• [Task directions]: Reproduce, word for word, all of the records; the pictures stay out.

-------- Listed entries --------

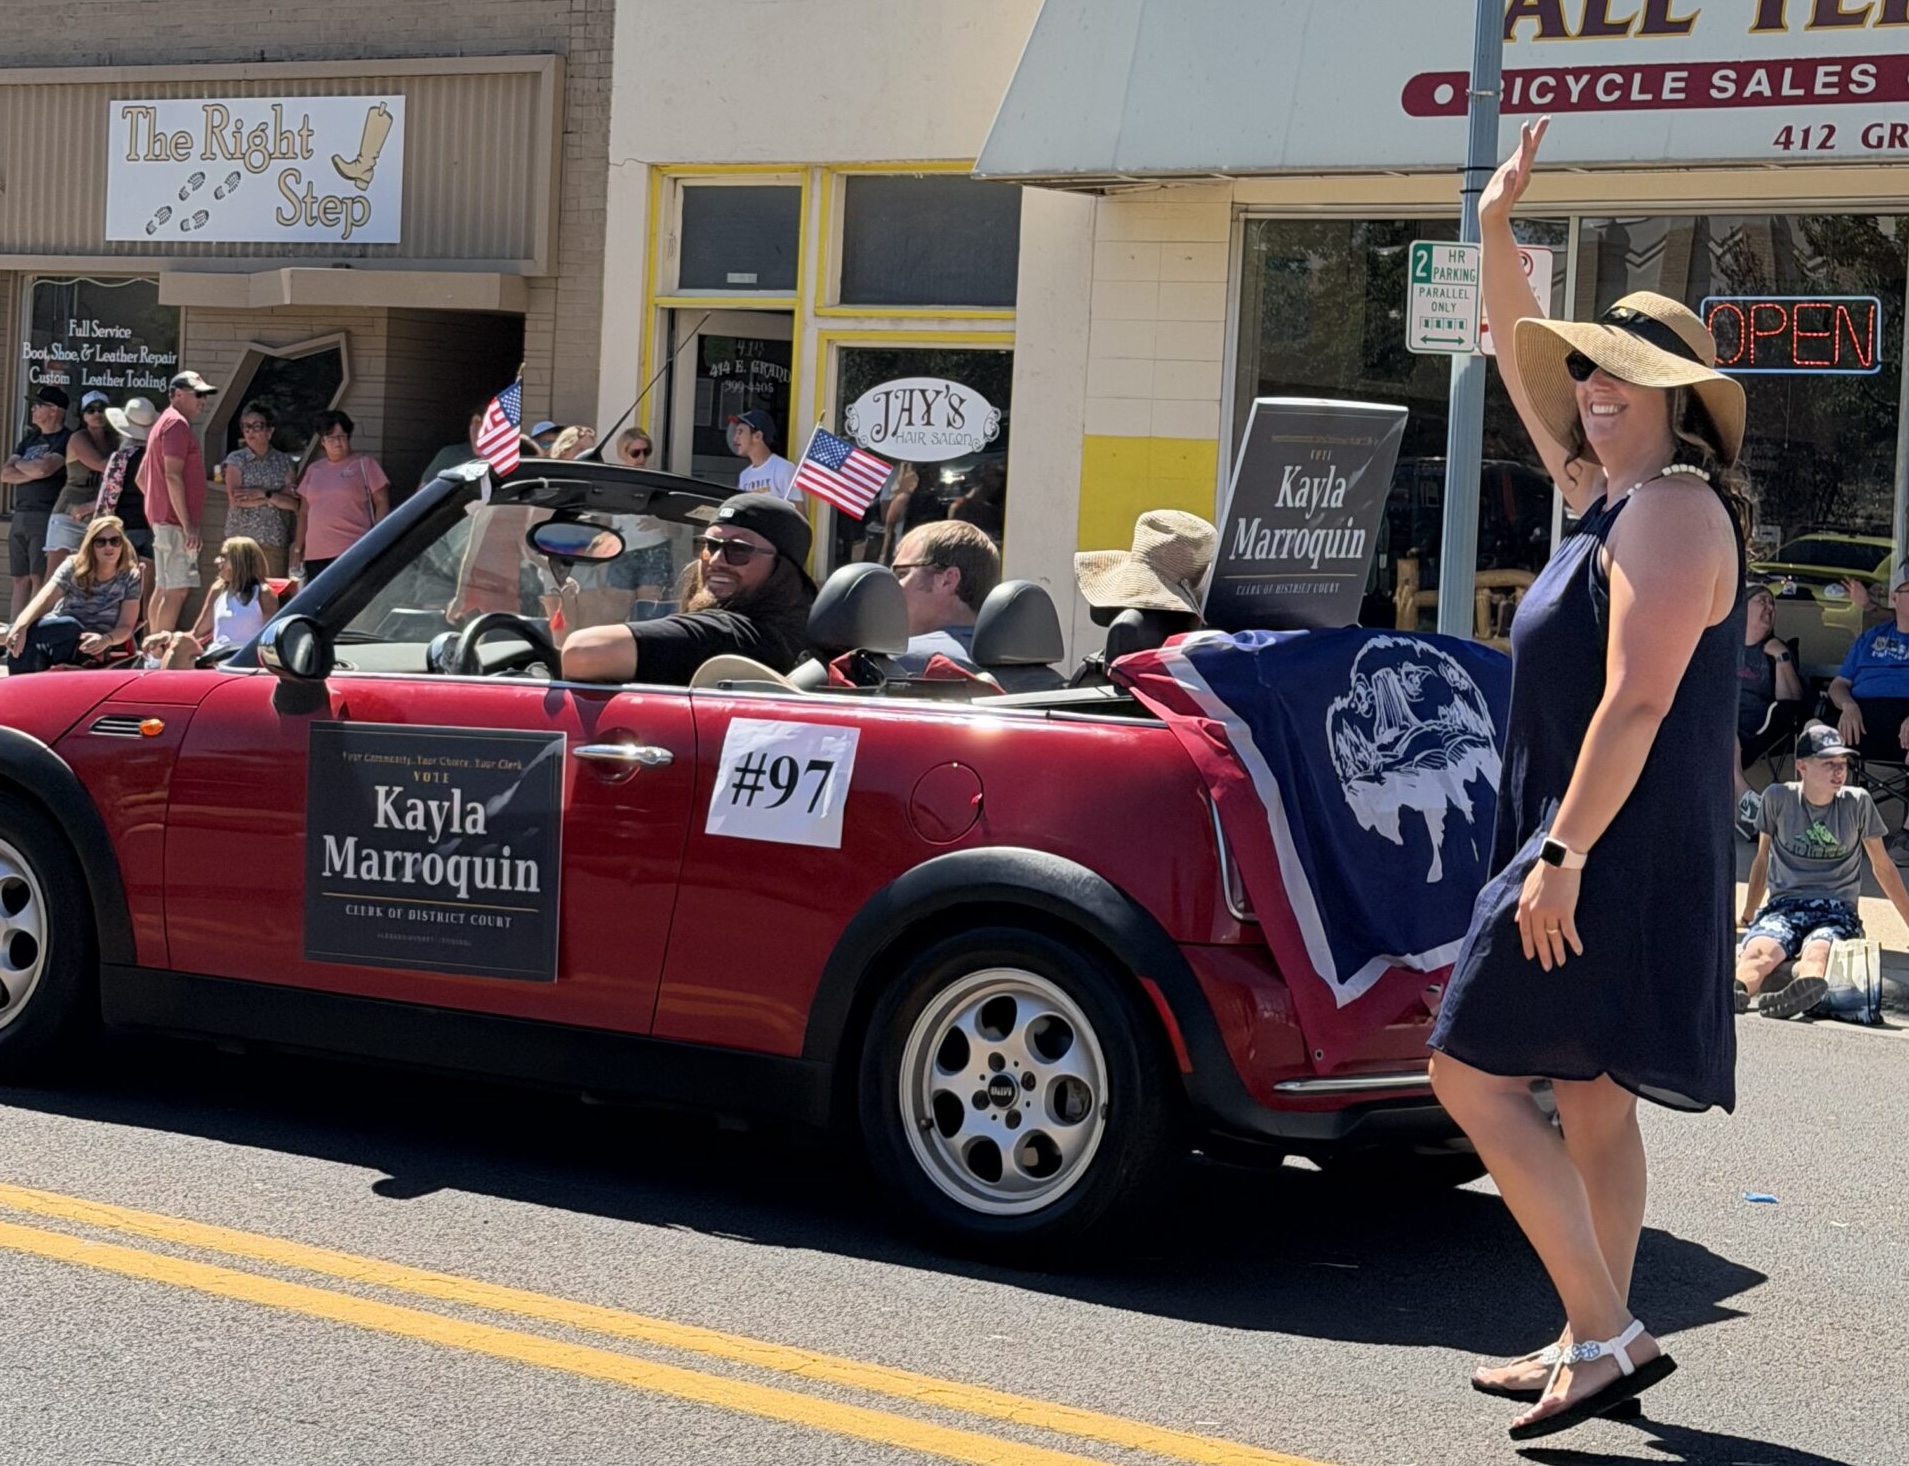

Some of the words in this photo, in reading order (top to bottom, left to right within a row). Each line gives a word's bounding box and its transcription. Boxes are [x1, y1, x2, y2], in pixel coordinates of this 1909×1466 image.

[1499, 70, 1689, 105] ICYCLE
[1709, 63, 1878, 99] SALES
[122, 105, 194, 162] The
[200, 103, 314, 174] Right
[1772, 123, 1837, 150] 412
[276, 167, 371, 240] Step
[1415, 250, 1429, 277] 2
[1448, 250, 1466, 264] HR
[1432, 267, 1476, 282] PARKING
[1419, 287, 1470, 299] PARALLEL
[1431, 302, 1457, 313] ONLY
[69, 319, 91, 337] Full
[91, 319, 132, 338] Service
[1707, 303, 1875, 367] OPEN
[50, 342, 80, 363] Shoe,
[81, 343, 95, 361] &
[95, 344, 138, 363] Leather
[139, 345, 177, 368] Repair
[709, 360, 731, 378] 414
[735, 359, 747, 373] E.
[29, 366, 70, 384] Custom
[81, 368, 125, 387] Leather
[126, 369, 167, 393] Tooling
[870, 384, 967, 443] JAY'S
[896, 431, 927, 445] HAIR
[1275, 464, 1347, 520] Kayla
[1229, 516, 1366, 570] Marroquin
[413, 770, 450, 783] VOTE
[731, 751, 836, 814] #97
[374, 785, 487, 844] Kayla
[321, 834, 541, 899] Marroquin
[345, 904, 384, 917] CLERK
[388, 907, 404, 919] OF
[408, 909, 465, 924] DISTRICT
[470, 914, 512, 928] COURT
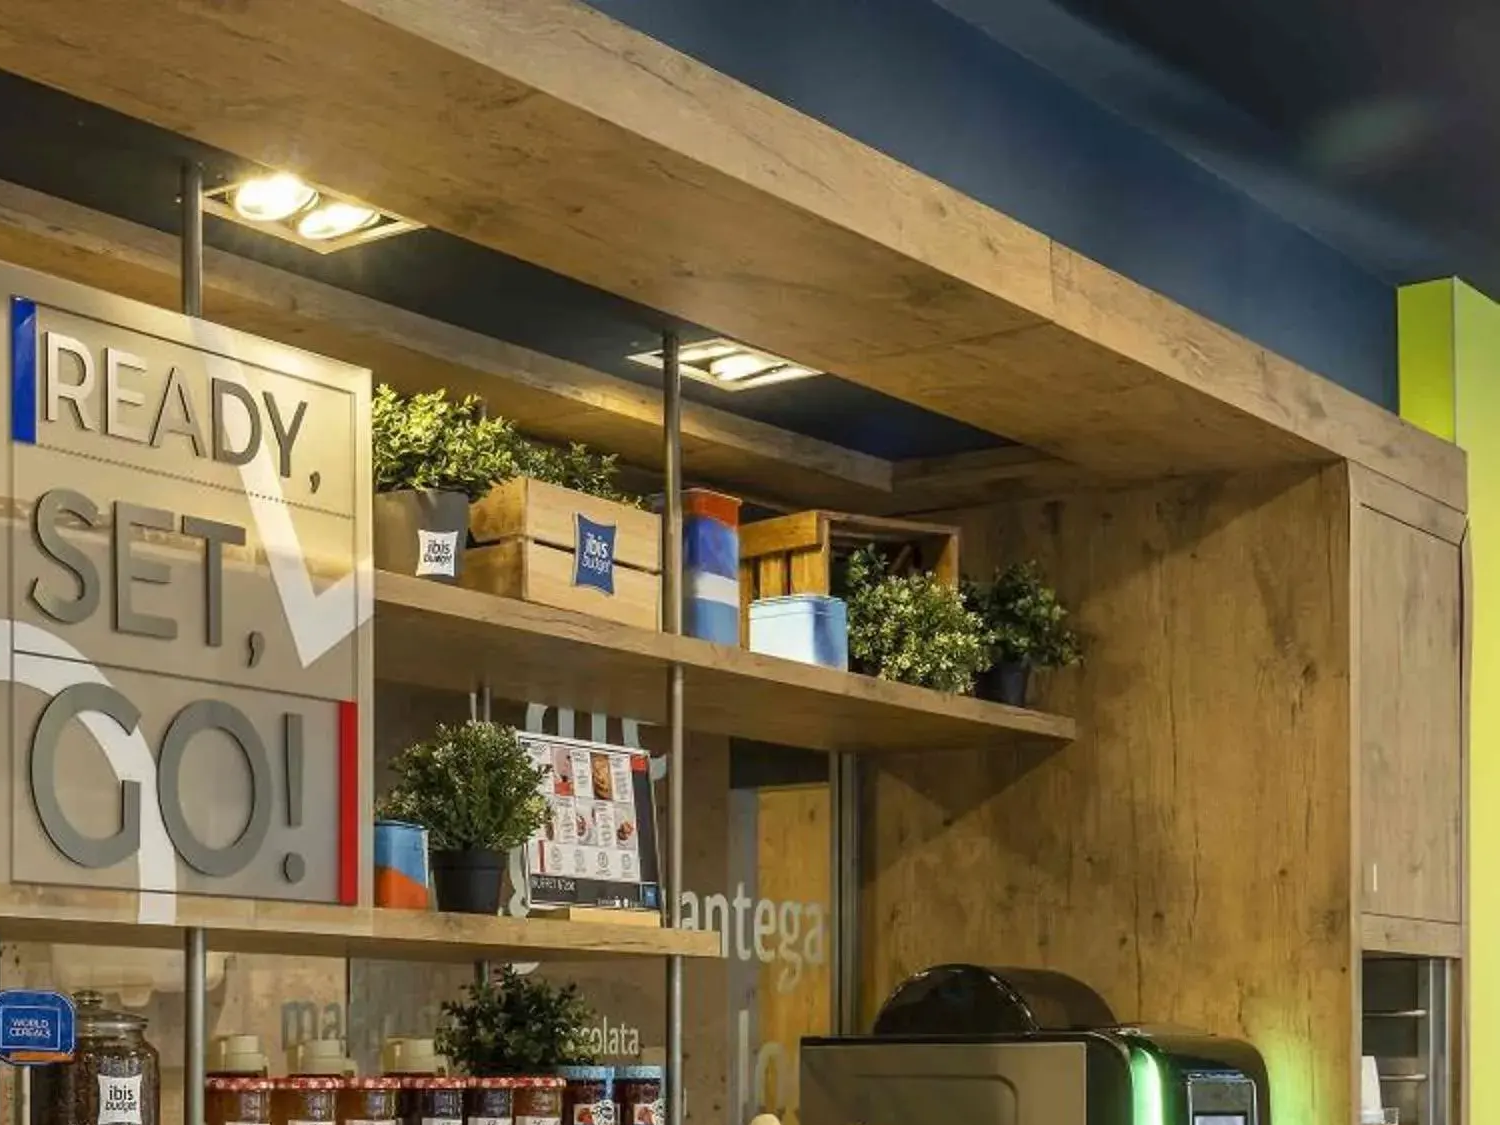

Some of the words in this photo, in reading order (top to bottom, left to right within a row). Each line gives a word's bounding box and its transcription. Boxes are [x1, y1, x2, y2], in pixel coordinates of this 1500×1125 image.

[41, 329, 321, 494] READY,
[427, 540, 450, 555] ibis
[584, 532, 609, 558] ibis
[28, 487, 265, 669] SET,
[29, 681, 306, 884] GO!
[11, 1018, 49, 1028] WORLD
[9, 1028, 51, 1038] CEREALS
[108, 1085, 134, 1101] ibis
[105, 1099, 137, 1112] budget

--------

• [Exercise result]:
Some of the words in this photo, in reading order (top to bottom, left to right within a row). Each line gives a word's bounding box and its transcription. Boxes are [x1, y1, x2, y2], in pixel coordinates of this 1909×1466 image.

[1499, 70, 1689, 105] ICYCLE
[1709, 63, 1878, 99] SALES
[122, 105, 194, 162] The
[200, 103, 314, 174] Right
[1772, 123, 1837, 150] 412
[276, 167, 371, 240] Step
[1415, 250, 1429, 277] 2
[1448, 250, 1466, 264] HR
[1432, 267, 1476, 282] PARKING
[1419, 287, 1470, 299] PARALLEL
[1431, 302, 1457, 313] ONLY
[69, 319, 91, 337] Full
[91, 319, 132, 338] Service
[1707, 303, 1875, 367] OPEN
[50, 342, 80, 363] Shoe,
[81, 343, 95, 361] &
[95, 344, 138, 363] Leather
[139, 345, 177, 368] Repair
[709, 360, 731, 378] 414
[735, 359, 747, 373] E.
[29, 366, 70, 384] Custom
[81, 368, 125, 387] Leather
[126, 369, 167, 393] Tooling
[870, 384, 967, 443] JAY'S
[896, 431, 927, 445] HAIR
[1275, 464, 1347, 520] Kayla
[1229, 516, 1366, 570] Marroquin
[413, 770, 450, 783] VOTE
[731, 751, 836, 814] #97
[374, 785, 487, 844] Kayla
[321, 834, 541, 899] Marroquin
[345, 904, 384, 917] CLERK
[388, 907, 404, 919] OF
[408, 909, 465, 924] DISTRICT
[470, 914, 512, 928] COURT

Some of the words in this photo, in reading order (top to bottom, left to right within a row). Each line gives a word's bounding box and its transcription. Boxes are [x1, y1, x2, y2], in pixel coordinates of this 1500×1125 image.

[41, 329, 321, 494] READY,
[427, 540, 450, 555] ibis
[584, 532, 609, 558] ibis
[28, 487, 265, 669] SET,
[29, 681, 306, 884] GO!
[11, 1018, 49, 1028] WORLD
[9, 1028, 51, 1038] CEREALS
[108, 1085, 134, 1101] ibis
[105, 1099, 137, 1112] budget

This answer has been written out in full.